» WHAT NEEDS TO BE DONE: Please print the listing that follows word for word, but skip any pictures it holds.

+ + + + +

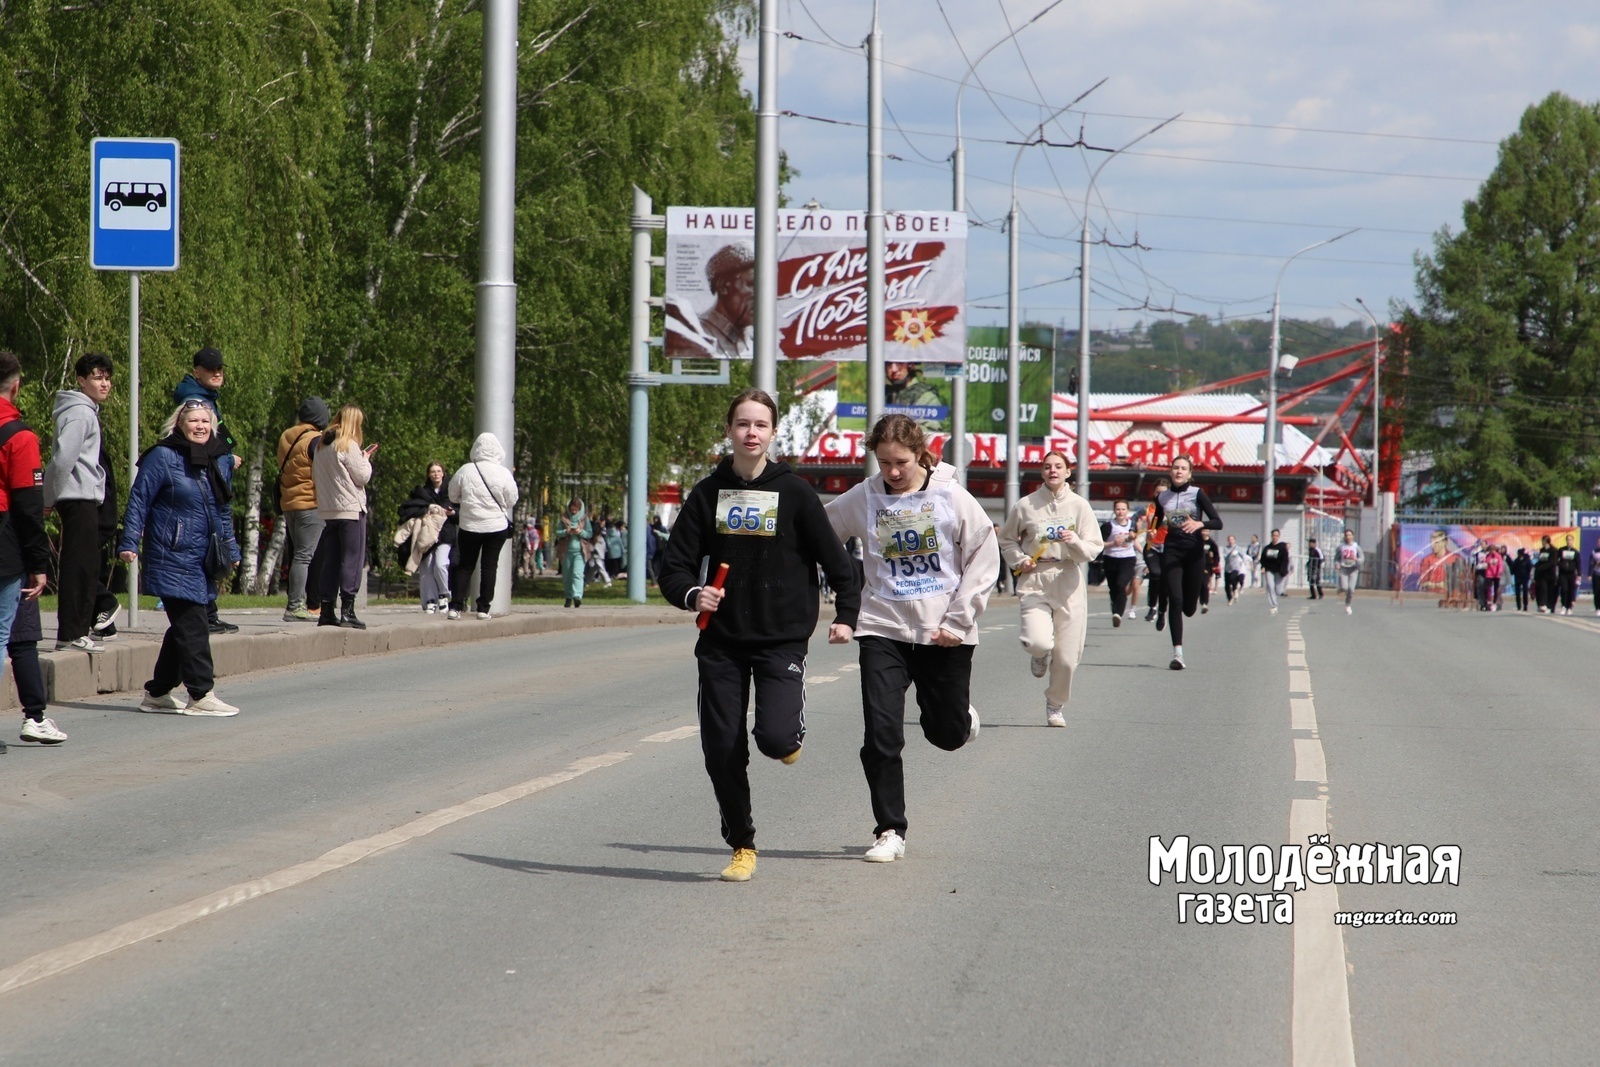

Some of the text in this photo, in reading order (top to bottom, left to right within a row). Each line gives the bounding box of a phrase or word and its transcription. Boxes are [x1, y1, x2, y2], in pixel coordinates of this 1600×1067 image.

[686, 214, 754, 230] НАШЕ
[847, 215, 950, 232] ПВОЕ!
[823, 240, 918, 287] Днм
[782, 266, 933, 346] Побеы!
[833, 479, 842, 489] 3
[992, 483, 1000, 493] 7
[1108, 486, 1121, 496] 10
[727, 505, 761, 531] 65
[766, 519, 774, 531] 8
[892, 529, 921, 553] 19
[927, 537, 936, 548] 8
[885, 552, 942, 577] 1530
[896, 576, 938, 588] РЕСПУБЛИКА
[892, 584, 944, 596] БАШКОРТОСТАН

+ + + + +

» COMPLETED TASK:
Some of the text in this photo, in reading order (top to bottom, left to right within a row). Each line gives the bounding box of a phrase or word and its transcription. Boxes are [x1, y1, x2, y2], in pixel coordinates of this 1600×1067 image.

[686, 214, 754, 230] НАШЕ
[847, 215, 950, 232] ПВОЕ!
[823, 240, 918, 287] Днм
[782, 266, 933, 346] Побеы!
[833, 479, 842, 489] 3
[992, 483, 1000, 493] 7
[1108, 486, 1121, 496] 10
[727, 505, 761, 531] 65
[766, 519, 774, 531] 8
[892, 529, 921, 553] 19
[927, 537, 936, 548] 8
[885, 552, 942, 577] 1530
[896, 576, 938, 588] РЕСПУБЛИКА
[892, 584, 944, 596] БАШКОРТОСТАН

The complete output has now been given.